The sequencing data of all 13 samples from the viral metagenomic libraries have been deposited in the NCBI Sequence Read Archive (SRA) under Bioproject ID PRJNA854686 with accession no. SRR19981422 to SRR19981434. All data required to evaluate the conclusions of this paper are presented in the paper and/or Supplementary Materials. Additional data related to this study may be requested from the authors.

Statistical Analysis

All measurements were performed at least in triplicate.
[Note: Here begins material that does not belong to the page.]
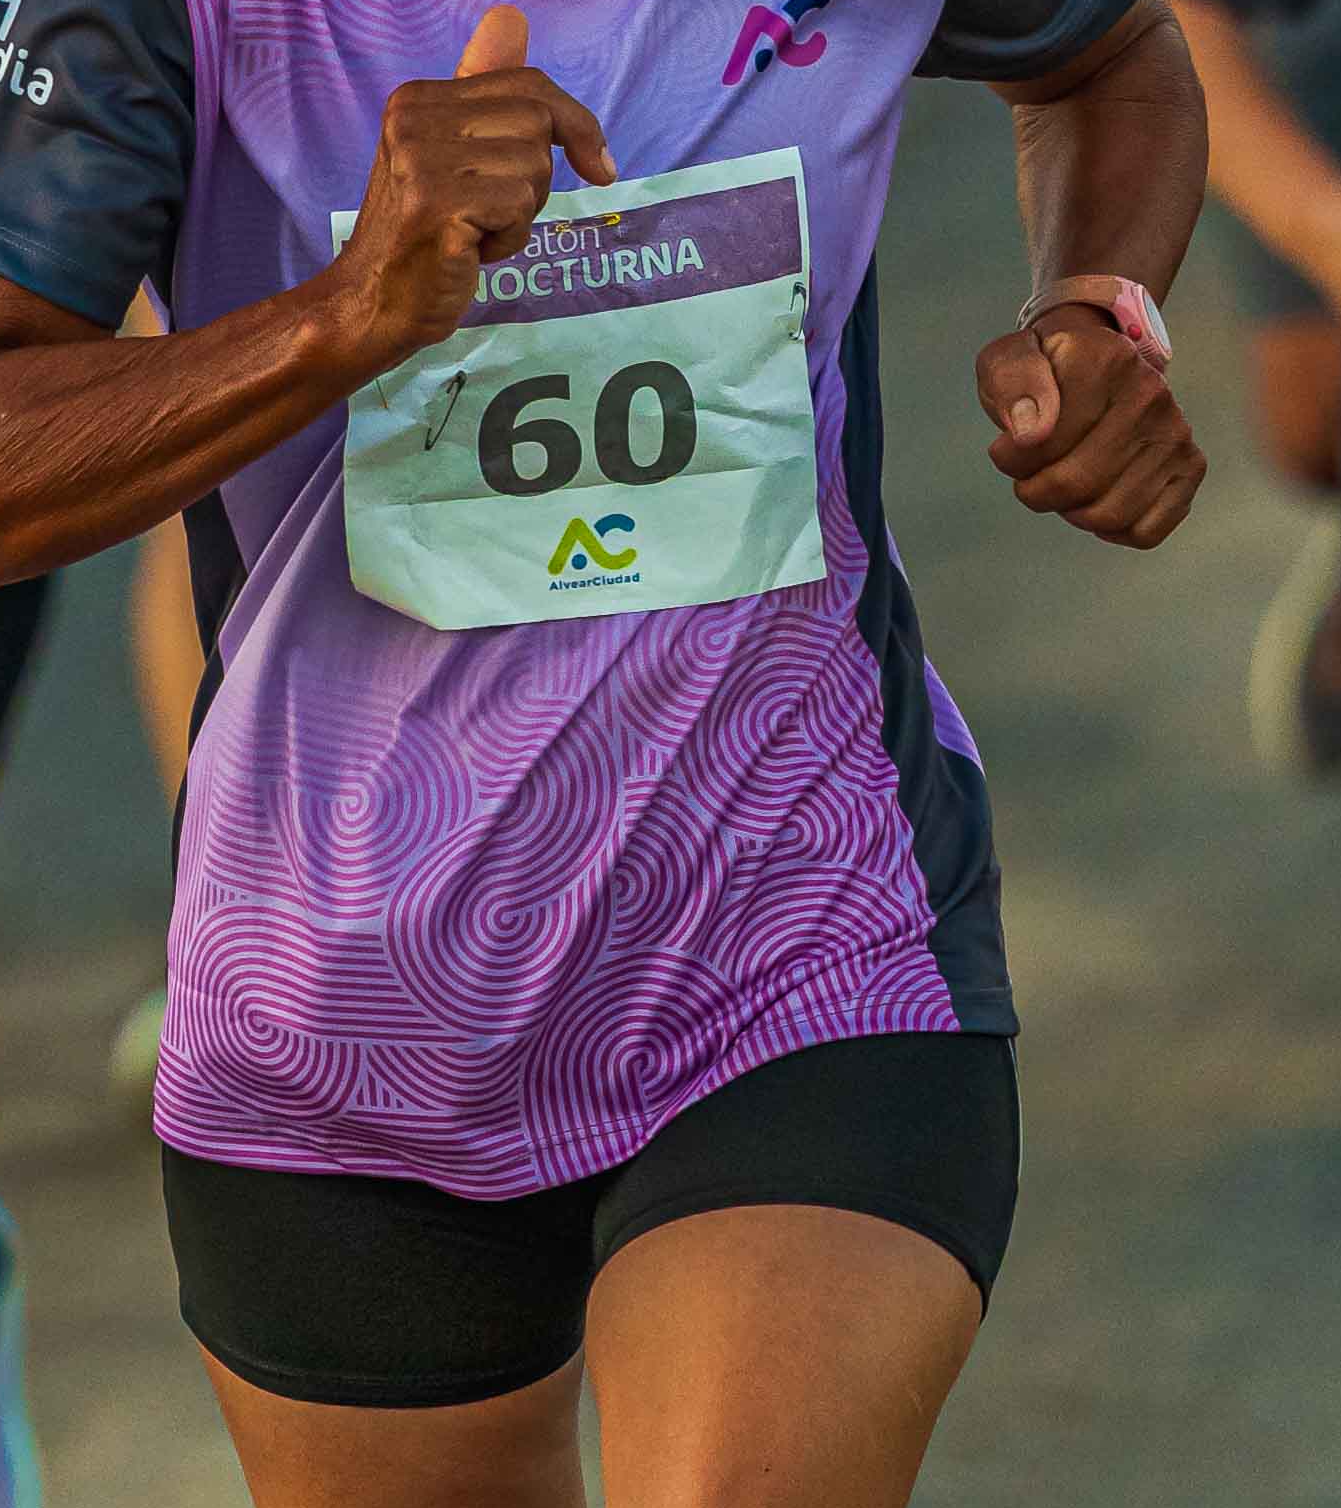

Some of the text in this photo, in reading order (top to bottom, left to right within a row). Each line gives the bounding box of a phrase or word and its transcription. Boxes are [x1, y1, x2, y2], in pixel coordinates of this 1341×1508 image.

Data are presented as mean ± SEM, n ≥ 3. One‐way ANOVA with Scheffé’s test was used to identify samples with differences between multiple groups. The Kruskal‐Wallis H test with Dunn's test was used to analyze significant differences between the two groups. The Wilcoxon rank‐sum test was used to test for differences in consistency between groups. Statistical analysis was performed to calculate p‐values in Python using DataFrame SciPy v.1.13.1.^{[ 64 ]} In all cases, significant differences were defined as *(p < 0.05), **(p < 0.01) and ***(p < 0.001).

Conflict of Interest

The authors declare no conflict of interest.

Author Contributions

A.D. and T.W. conceived and designed the study. J.W. and A.D. performed the experiments and all data analysis with assistance from R.S., L.L., and X.L. A.D. and J.W. wrote the manuscript with the revision from T.W. All of the authors have approved the final paper.

Supporting information

Supporting Information

Deng A., Wang J., Li L., Shi R., Li X., Wen T., Synoptic Variation Drives Genetic Diversity and Transmission Mode of Airborne DNA Viruses in Urban Space. Adv. Sci. 2024, 11, 2404512. 10.1002/advs.202404512

Data Availability Statement

The data that support the findings of this study are available from NCBI Sequence Read Archive (SRA). Restrictions apply to the availability of these data, which were used under license for this study. Data are available from the authors with the permission of NCBI Sequence Read Archive (SRA).